On Friday, June 21, 2013 2:23:54 PM UTC-4, Michael Bayer wrote:
>
> fairly recently i wrote up as much as I could come up with on this, which 
> you can see first in the Session FAQ: 
>
> http://docs.sqlalchemy.org/en/rel_0_8/orm/session.html#session-frequently-asked-questions
>  
>
> and then regarding scoped_session in: 
>
> http://docs.sqlalchemy.org/en/rel_0_8/orm/session.html#using-thread-local-scope-with-web-applications
>  
>

oh this is great thanks.

i didn't see that, and then started looking through the wiki's FAQ

   http://www.sqlalchemy.org/trac/wiki/FAQ 

I'd add a link to the wiki, but I don't have edit privs.

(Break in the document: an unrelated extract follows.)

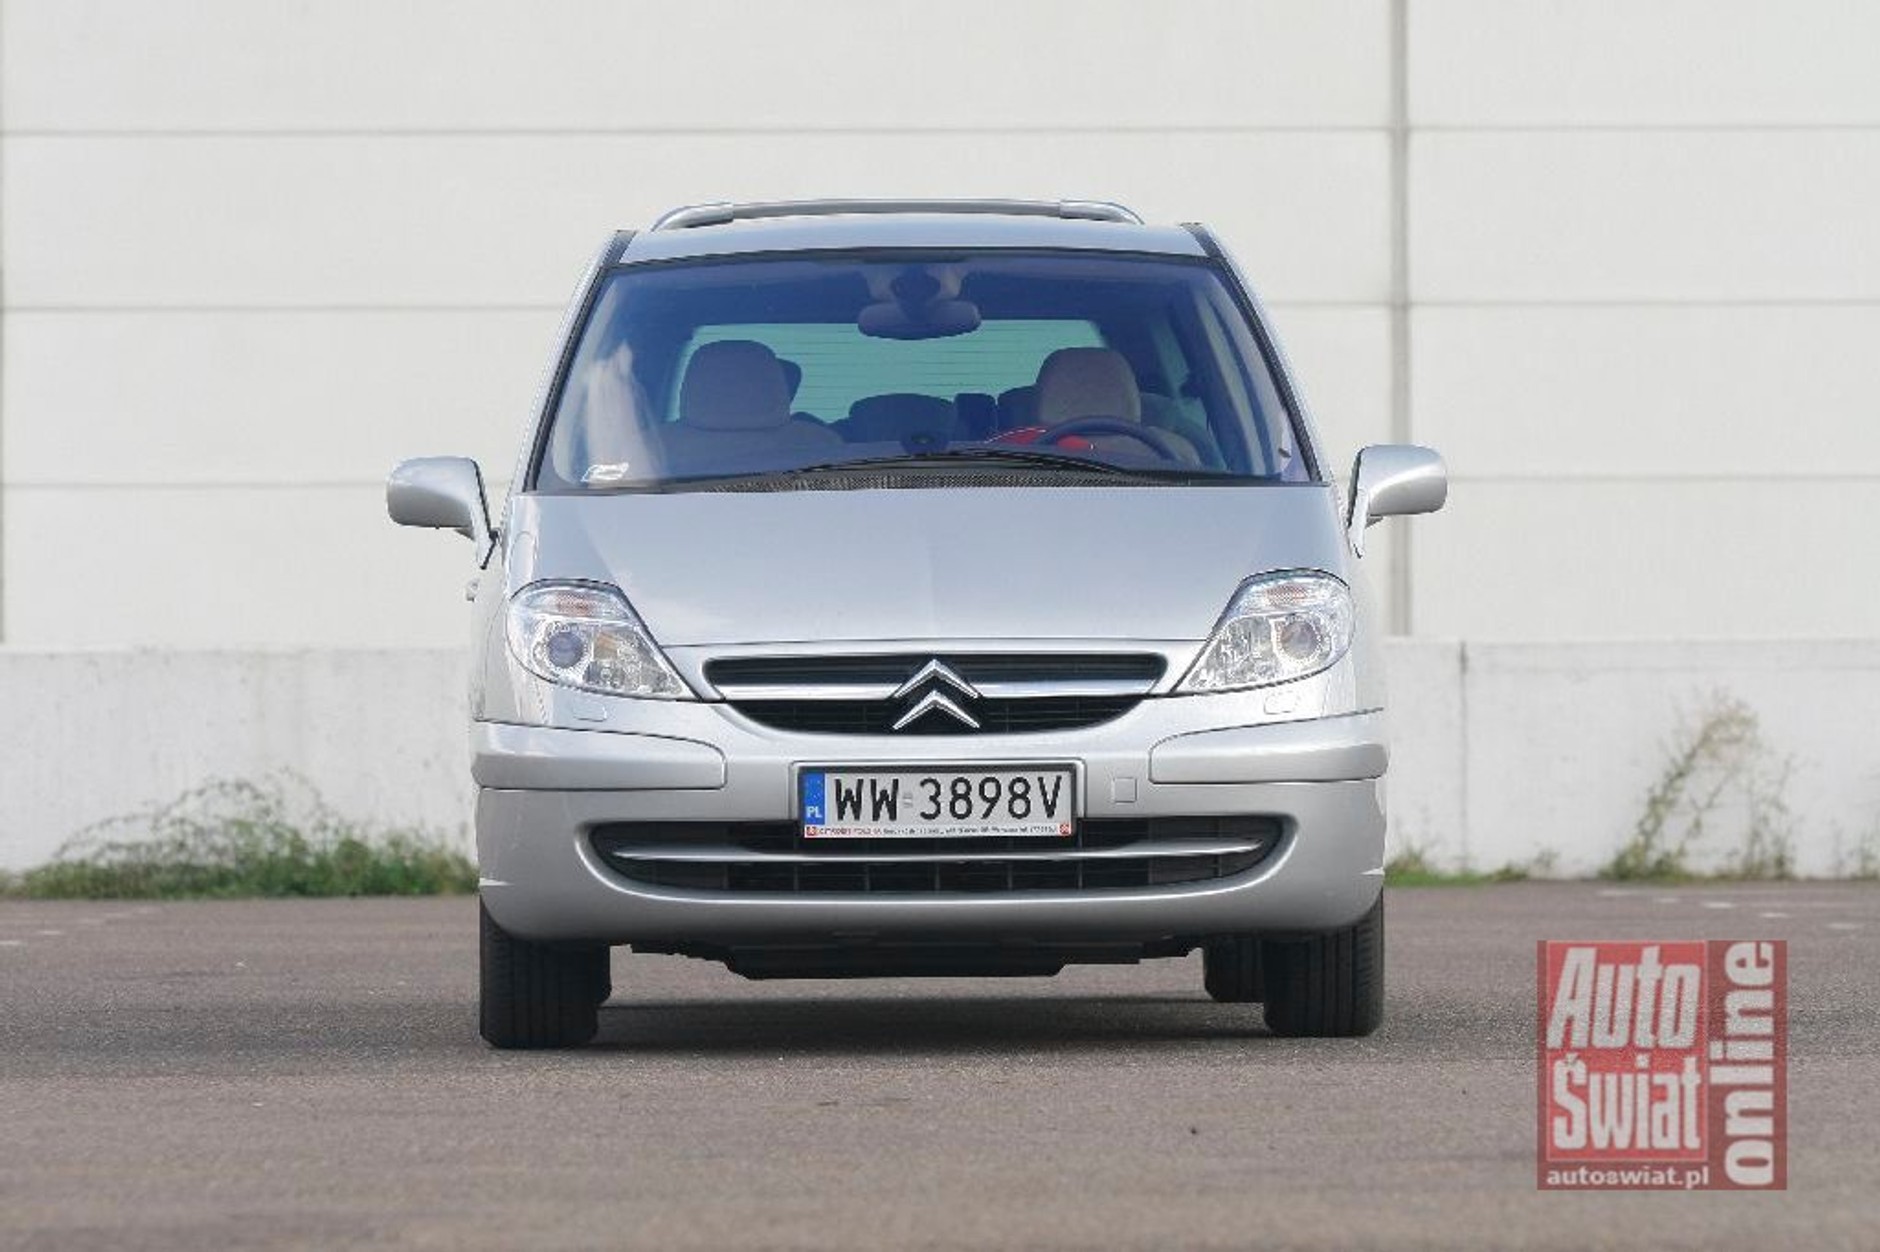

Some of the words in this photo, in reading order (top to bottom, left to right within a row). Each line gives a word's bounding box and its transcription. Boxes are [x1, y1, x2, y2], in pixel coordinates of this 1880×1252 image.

[806, 805, 822, 818] PL
[835, 778, 899, 821] WW
[919, 776, 1062, 820] 3898V
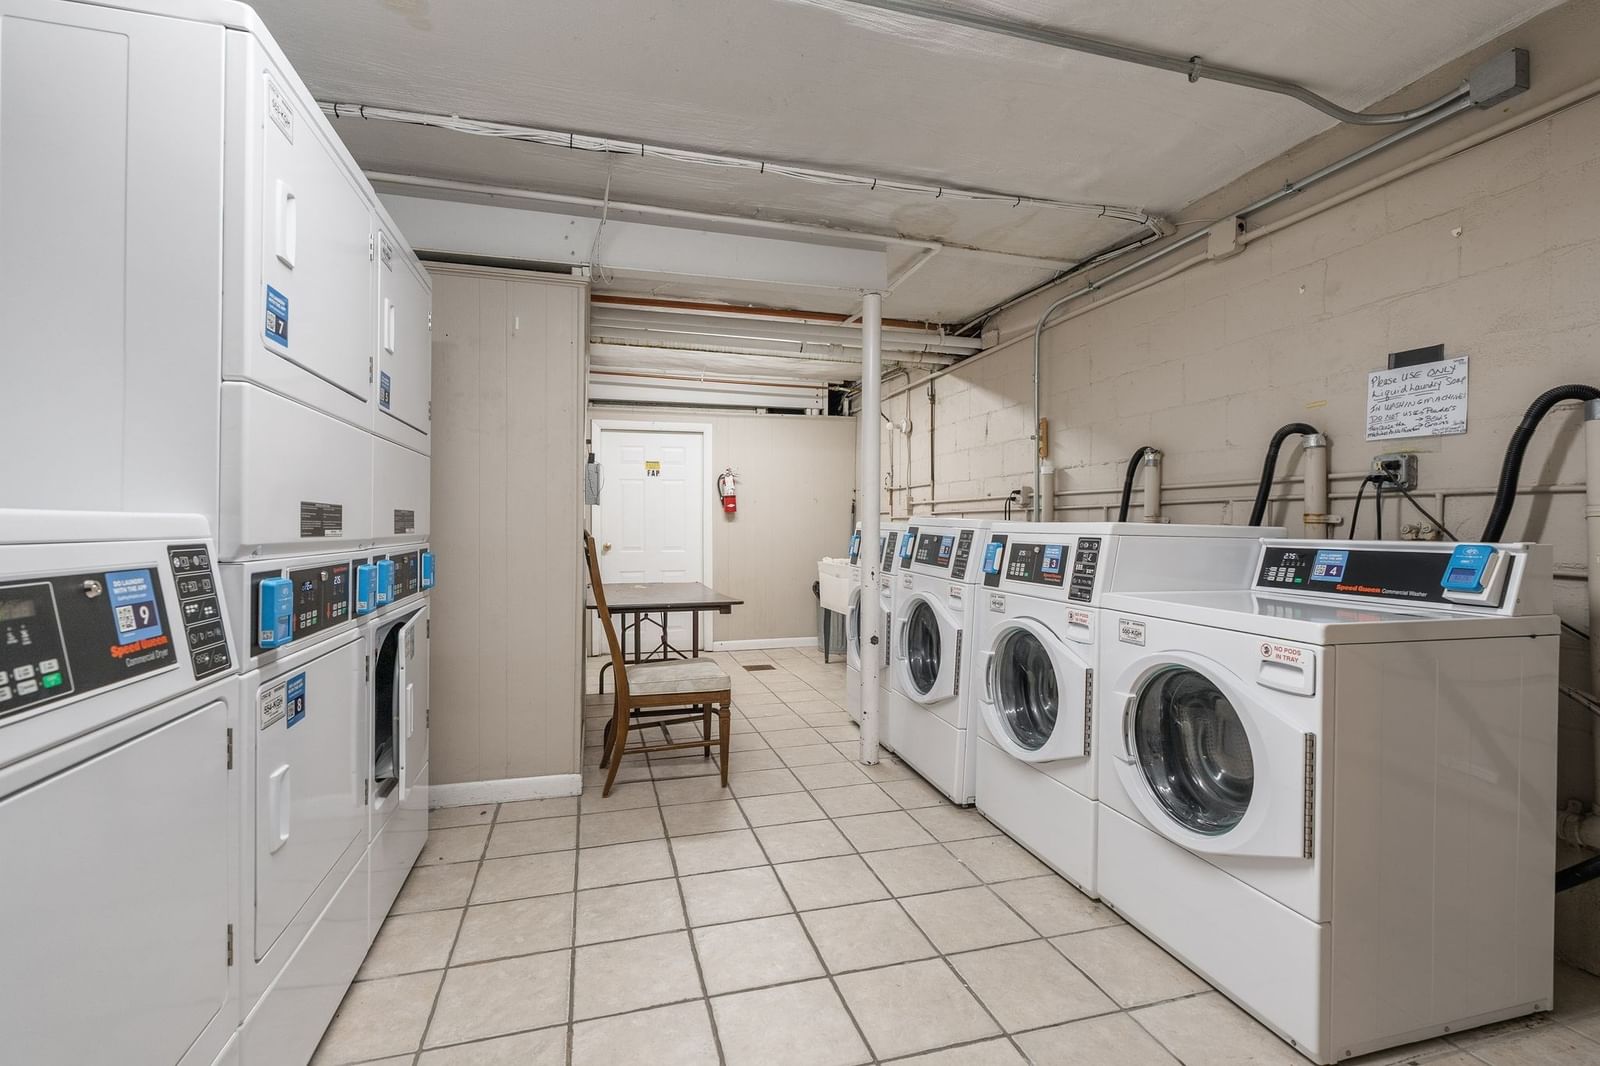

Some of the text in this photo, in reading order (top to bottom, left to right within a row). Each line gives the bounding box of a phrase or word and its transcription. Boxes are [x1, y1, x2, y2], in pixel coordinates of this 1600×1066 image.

I don't generally bother trying to make a "container" for all these things, 
> usually they're defined in some module like "myapp.meta".  A module in 
> Python is a namespaced object like any other, so there's no need for a 
> MyApplication kind of class.  Everyone seems to make those.     Also the 
> "sessionmaker" is an element of the scoped_session so I don't have it as 
> it's own name; if I really want to make a new Session that isn't part of 
> the usual scoped context I'll say my_scoped_session.session_factory(). 
>

re:container  -- I built out my SqlAlchemy management for Pyramid as a 3rd 
party library.  I just pass in a link to the package with my models and a 
db connection string; it does the rest for me, examining all the objects in 
the model for applicability and mapping them, setting up the cleanups, etc. 
 It makes rapid prototyping something really easy.
 

> I have the ScopedSession as the facade to the database - the Engine itself 
> is an element of the session and similarly I don't refer to it anywhere 
> once it's been set up and assigned to a session.  If I want it, I say 
> my_scoped_session.bind.     If I'm binding multiple engines to a single 
> session maybe I'd have a lookup for those cases where i need it. 
> My current app has two databases that I refer to individually, so I have 
> MySessionOne and MySessionTwo (better names in the real app). 
> ... 

yes.  Though I'll use remove() so that the current Session is discarded 
> entirely.   I use patterns where I attach extra things to a Session as the 
> request proceeds. 
> ...
> Just use the scoped_session as needed there's no setup to be done, the 
> close() beforehand makes sure its clean for the next request. 
> ...
> no need, sessions should always be clean when a request ends, that's when 
> that thread/process/wahtever is about to go dormant and you don't want any 
> garbage lying around. 
> ...
> Core API should be through Session.execute() in any case so the Session 
> would have you covered. 
>

thanks for all this.  I'm going to go through all the docs you pointed me 
to, and make sure everything is set nicely.